◆ YOUR INSTRUCTIONS: The line containing "this 1800×1200 image." marks the start; please restate exactly that line and only the lines following it through the end of the material below.
┌──
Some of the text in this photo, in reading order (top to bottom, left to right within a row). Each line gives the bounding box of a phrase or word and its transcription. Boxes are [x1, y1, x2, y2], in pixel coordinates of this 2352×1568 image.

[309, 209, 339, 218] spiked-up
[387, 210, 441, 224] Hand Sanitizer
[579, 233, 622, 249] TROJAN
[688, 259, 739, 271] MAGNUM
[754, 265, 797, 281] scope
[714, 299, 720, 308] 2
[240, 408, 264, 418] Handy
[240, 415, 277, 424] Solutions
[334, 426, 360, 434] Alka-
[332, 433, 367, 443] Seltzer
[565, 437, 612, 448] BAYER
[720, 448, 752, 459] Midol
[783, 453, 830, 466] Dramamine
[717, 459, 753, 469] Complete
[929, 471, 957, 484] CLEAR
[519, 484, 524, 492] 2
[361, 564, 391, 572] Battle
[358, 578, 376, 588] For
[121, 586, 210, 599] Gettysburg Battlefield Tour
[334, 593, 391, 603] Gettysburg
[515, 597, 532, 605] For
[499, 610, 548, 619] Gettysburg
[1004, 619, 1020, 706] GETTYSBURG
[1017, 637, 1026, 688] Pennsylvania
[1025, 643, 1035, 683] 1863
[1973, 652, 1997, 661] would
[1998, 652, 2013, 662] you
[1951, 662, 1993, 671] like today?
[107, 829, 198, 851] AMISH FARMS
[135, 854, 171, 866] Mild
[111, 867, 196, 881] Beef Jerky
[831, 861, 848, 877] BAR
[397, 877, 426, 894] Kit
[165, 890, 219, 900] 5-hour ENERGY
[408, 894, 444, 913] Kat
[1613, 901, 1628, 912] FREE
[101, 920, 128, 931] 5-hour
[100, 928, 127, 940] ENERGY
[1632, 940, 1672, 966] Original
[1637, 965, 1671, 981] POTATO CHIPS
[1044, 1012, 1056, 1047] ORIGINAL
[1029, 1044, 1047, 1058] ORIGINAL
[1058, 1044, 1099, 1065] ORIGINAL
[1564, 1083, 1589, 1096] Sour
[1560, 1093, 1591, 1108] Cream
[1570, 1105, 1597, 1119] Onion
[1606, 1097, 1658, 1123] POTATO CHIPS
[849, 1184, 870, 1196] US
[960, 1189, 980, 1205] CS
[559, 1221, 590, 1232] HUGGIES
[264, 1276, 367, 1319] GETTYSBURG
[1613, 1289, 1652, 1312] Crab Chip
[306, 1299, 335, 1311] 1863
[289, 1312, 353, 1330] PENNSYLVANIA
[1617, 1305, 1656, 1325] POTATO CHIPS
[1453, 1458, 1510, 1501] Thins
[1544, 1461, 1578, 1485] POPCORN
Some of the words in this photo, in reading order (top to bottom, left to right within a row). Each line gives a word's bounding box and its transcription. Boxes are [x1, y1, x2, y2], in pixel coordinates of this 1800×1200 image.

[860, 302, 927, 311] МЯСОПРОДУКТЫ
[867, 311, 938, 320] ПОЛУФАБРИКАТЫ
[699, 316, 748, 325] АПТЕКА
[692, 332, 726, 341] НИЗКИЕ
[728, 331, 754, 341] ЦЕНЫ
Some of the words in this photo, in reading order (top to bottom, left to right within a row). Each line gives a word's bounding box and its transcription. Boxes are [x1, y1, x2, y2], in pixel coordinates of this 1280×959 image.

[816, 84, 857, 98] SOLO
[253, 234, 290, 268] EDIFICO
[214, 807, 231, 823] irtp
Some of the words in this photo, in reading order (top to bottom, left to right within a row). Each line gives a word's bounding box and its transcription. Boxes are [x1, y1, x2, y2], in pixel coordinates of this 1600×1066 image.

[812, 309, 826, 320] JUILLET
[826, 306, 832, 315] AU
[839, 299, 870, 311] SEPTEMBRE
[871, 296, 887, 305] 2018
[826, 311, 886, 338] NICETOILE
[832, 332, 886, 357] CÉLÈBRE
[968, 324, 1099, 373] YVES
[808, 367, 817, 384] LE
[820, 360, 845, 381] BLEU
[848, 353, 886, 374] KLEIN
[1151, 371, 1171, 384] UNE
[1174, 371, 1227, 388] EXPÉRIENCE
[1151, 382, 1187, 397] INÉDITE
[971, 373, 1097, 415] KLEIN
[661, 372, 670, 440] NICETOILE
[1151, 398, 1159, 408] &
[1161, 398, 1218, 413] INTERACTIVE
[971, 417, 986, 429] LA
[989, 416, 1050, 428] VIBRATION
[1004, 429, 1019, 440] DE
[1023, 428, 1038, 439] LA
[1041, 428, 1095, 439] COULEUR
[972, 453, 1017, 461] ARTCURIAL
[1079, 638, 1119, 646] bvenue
└──
◆ RESULT BELOW:
Some of the words in this photo, in reading order (top to bottom, left to right within a row). Each line gives a word's bounding box and its transcription. Boxes are [x1, y1, x2, y2], in pixel coordinates of this 1800×1200 image.

[860, 302, 927, 311] МЯСОПРОДУКТЫ
[867, 311, 938, 320] ПОЛУФАБРИКАТЫ
[699, 316, 748, 325] АПТЕКА
[692, 332, 726, 341] НИЗКИЕ
[728, 331, 754, 341] ЦЕНЫ
Some of the words in this photo, in reading order (top to bottom, left to right within a row). Each line gives a word's bounding box and its transcription. Boxes are [x1, y1, x2, y2], in pixel coordinates of this 1280×959 image.

[816, 84, 857, 98] SOLO
[253, 234, 290, 268] EDIFICO
[214, 807, 231, 823] irtp
Some of the words in this photo, in reading order (top to bottom, left to right within a row). Each line gives a word's bounding box and its transcription. Boxes are [x1, y1, x2, y2], in pixel coordinates of this 1600×1066 image.

[812, 309, 826, 320] JUILLET
[826, 306, 832, 315] AU
[839, 299, 870, 311] SEPTEMBRE
[871, 296, 887, 305] 2018
[826, 311, 886, 338] NICETOILE
[832, 332, 886, 357] CÉLÈBRE
[968, 324, 1099, 373] YVES
[808, 367, 817, 384] LE
[820, 360, 845, 381] BLEU
[848, 353, 886, 374] KLEIN
[1151, 371, 1171, 384] UNE
[1174, 371, 1227, 388] EXPÉRIENCE
[1151, 382, 1187, 397] INÉDITE
[971, 373, 1097, 415] KLEIN
[661, 372, 670, 440] NICETOILE
[1151, 398, 1159, 408] &
[1161, 398, 1218, 413] INTERACTIVE
[971, 417, 986, 429] LA
[989, 416, 1050, 428] VIBRATION
[1004, 429, 1019, 440] DE
[1023, 428, 1038, 439] LA
[1041, 428, 1095, 439] COULEUR
[972, 453, 1017, 461] ARTCURIAL
[1079, 638, 1119, 646] bvenue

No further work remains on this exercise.